The Mad Money host, citing Garner, explained that the daily charts of the two markets, dating back to March 2021, show a very strong connection between bitcoin futures and the Nasdaq 100, which is heavily tech-biased. This shows that Bitcoin is behaving more like a volatile asset than a reliable store of value or medium of exchange. Carmer argued, adding the following details: Think of business owners trying to transact in Google or Facebook stock. You are too unpredictable; it’s absurd. Bitcoin is no exception.

Tim Draper, a startup investor, and Paul Tudor Jones, a billionaire hedge fund manager, disagree with Cramer and think Bitcoin is a better inflation hedge than gold.

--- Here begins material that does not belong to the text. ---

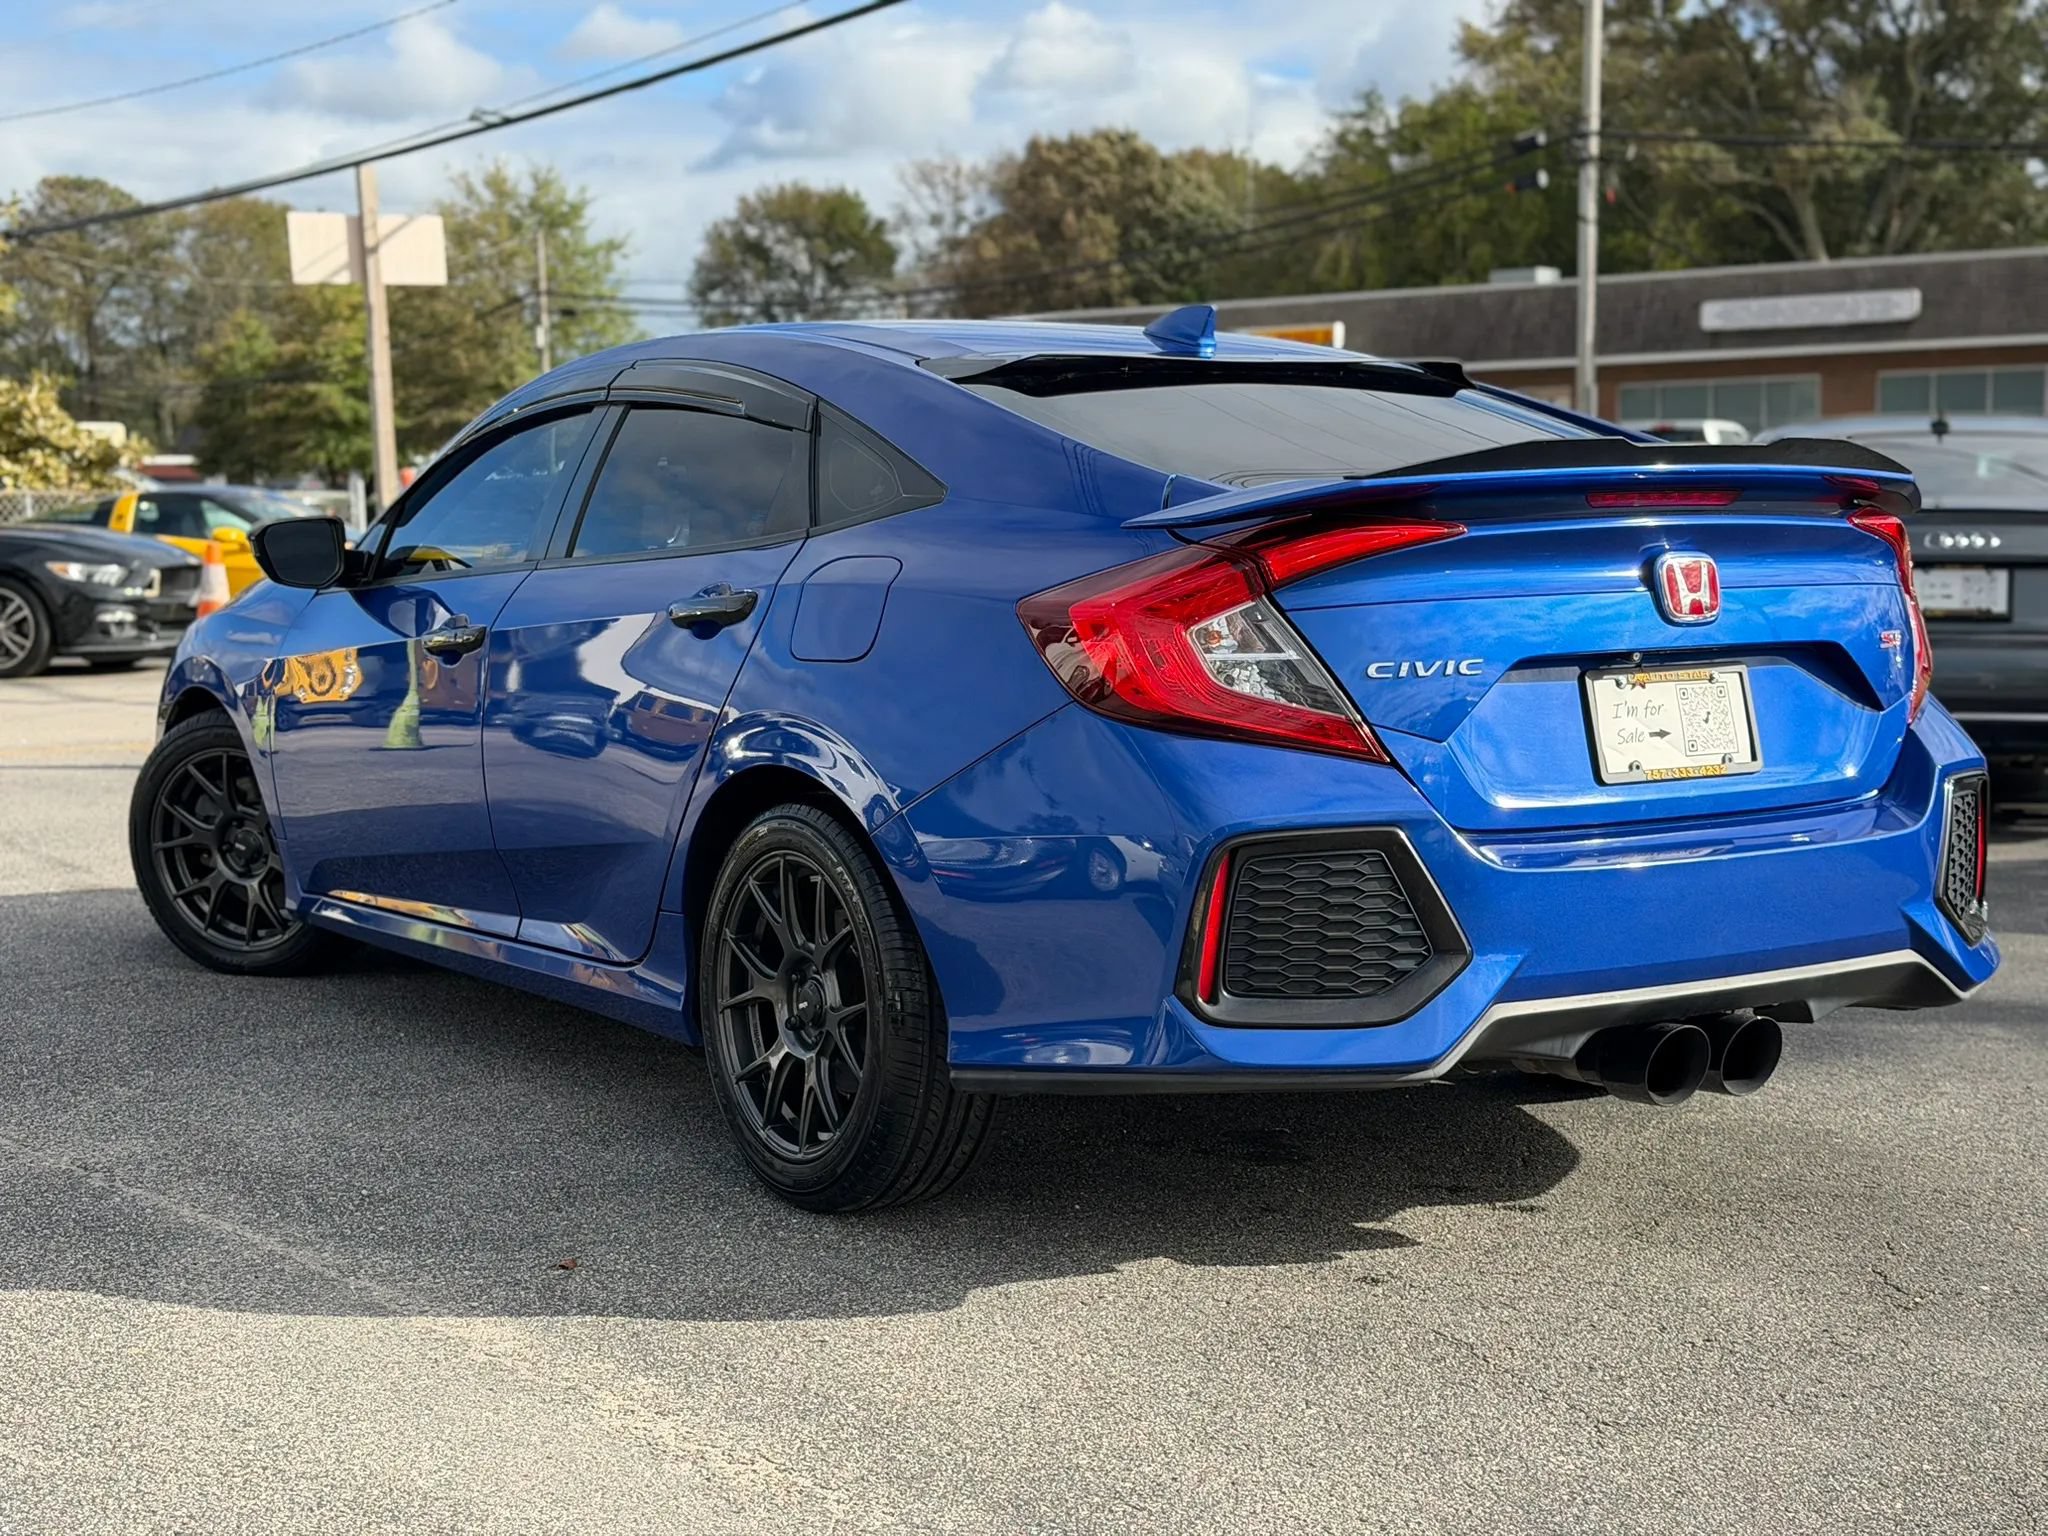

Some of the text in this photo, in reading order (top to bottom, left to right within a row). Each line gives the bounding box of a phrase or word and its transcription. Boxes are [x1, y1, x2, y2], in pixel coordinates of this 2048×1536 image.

Cramer also cautioned against counterparty risk, which refers to the possibility that the counterparty to a transaction or investment might not live up to its end of the bargain. Of course, one could simply hold Bitcoin directly in a decentralized wallet; this would protect him/her from cryptocurrency risk, Cramer suggested.

The Mad Money host used to hold investments in non-fungible tokens (NFTs), ether and bitcoin, but he sold them all last year. He once suggested bitcoin along with gold. He explained in March 2021: “I’ve been telling you you should have gold for years, but gold has let me down. There are too many vicissitudes affecting gold. It is prone to mining issues. In many cases it could fail, to be honest.”

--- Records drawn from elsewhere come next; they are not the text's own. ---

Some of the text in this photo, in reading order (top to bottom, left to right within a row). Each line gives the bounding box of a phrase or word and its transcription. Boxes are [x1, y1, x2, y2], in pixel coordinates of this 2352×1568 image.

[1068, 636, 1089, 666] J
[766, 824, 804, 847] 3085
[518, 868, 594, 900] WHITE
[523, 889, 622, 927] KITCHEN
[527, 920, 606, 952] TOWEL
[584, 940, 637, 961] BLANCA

Additionally, he has repeatedly warned investors not to exit the cryptocurrency market as the US Securities and Exchange Commission (SEC) could round up non-compliant crypto firms. He further emphasized: “I wouldn’t touch crypto in a million years”.

Given gold’s long history as a store of value and the potential risks of investing in the highly volatile cryptocurrency market, Cramer’s advice to stay away from cryptocurrencies and stick with gold as a hedge against inflation and economic instability is based on both factors. However, investors should weigh the potential pros and cons of both gold and cryptocurrencies and base their choice on their own financial goals and risk tolerance. In order not to put all your eggs in one basket, it is important to diversify your portfolio. Before making any investment decisions, it is always advisable to seek the advice of a financial professional.